Anders dan de raadsman is het hof van oordeel dat de beperkingen in artikel 87, tweede lid, Sv mede gelden indien – zoals in dit geval – al eerder namens de verdachte hoger beroep is ingesteld tegen een afwijzing van een verzoek tot schorsing (of opheffing) op een eerdere terechtzitting door de rechtbank. Uit de bedoelingen van de wetgever vloeit namelijk voort dat aan het stelsel van de artikelen 87, tweede lid, Sv en 406, tweede lid, Sv ten grondslag ligt dat tegen de afwijzing van het verzoek tot opheffing dan wel schorsing van de voorlopige hechtenis slechts eenmaal kan worden geappelleerd. Met andere woorden: de in artikel 87, tweede lid, Sv opgenomen ‘appelrestrictie’ geldt dus voor zowel de in dit verband in raadkamer als ter terechtzitting genomen beslissingen. Een andere uitleg zou ook betekenen dat op de voet van artikel 406, tweede lid, Sv onbeperkt hoger beroep kan worden ingesteld tegen een afwijzing ter terechtzitting van een verzoek tot opheffing van de voorlopige hechtenis, hetgeen – zoals uit het hiervoor weergegeven citaat volgt – uitdrukkelijk niet de bedoeling is geweest van de wetgever.

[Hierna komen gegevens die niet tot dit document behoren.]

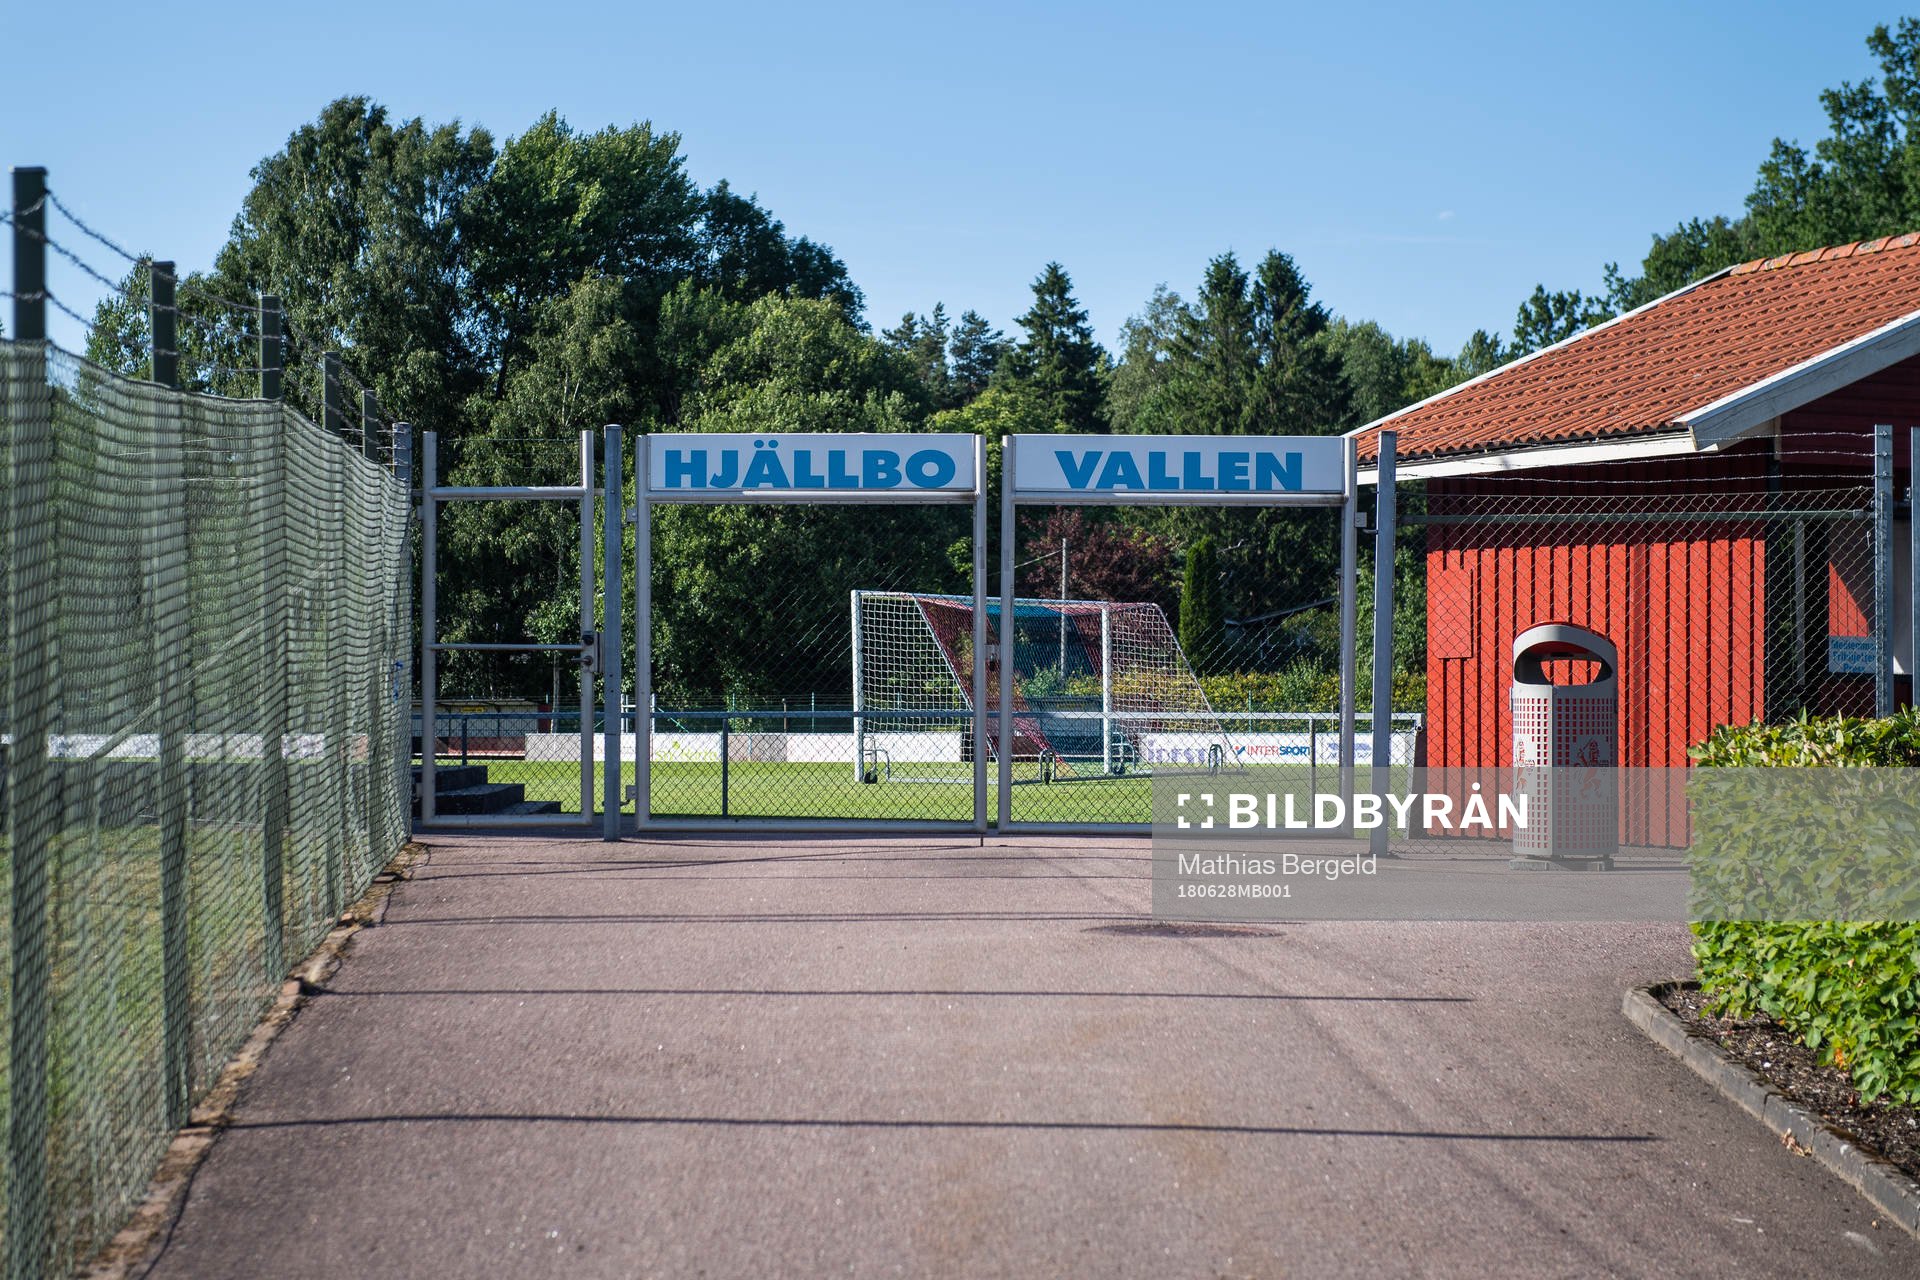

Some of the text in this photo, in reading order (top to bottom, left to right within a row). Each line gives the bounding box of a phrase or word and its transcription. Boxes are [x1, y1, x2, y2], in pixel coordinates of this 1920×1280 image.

[664, 439, 956, 489] HJÄLLBO
[1054, 450, 1303, 490] VALLEN
[1247, 745, 1311, 756] INTERSPORT
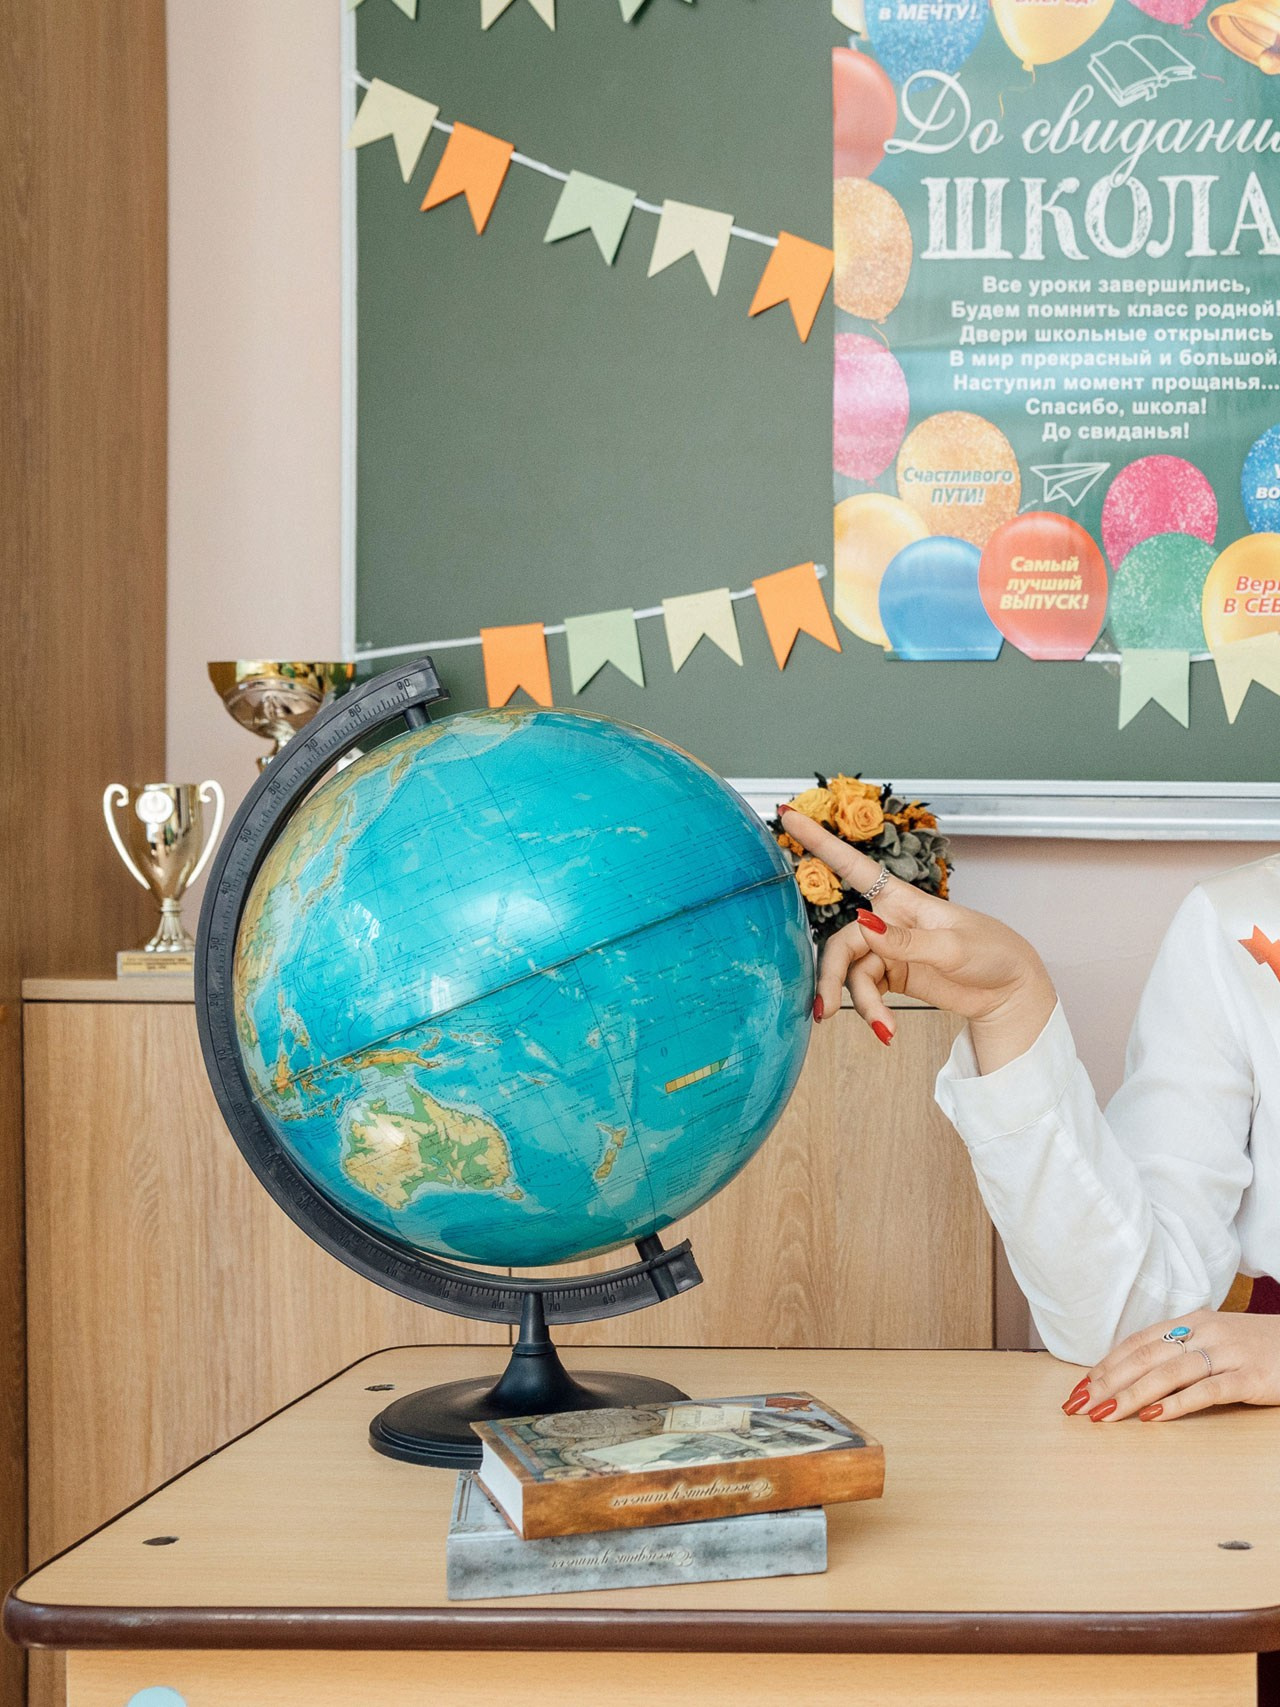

Nu het hof op 11 januari 2023 al heeft beslist op een namens de verdachte ingesteld hoger beroep tegen een afwijzing door de rechtbank van een verzoek tot opheffing van de voorlopige hechtenis, is de verdachte, gelet op artikel 87, tweede lid Sv, niet-ontvankelijk in zijn hoger beroep.

De beslissing

Het hof:
VERKLAART de verdachte NIET-ONTVANKELIJK in het beroep tegen de bestreden beschikking, voor zover aan het oordeel van het hof onderworpen.
Deze beschikking is gegeven op 12 juli 2023 in raadkamer van dit hof door
mr. J.W.P. van Heusden, voorzitter,
mrs. E. de Greeve en K.J. Veenstra, raadsheren,
in tegenwoordigheid van mr. J.P.M. Veerman als griffier.
De advocaat-generaal bij dit gerechtshof brengt vorenstaande beschikking ter kennis van de verdachte.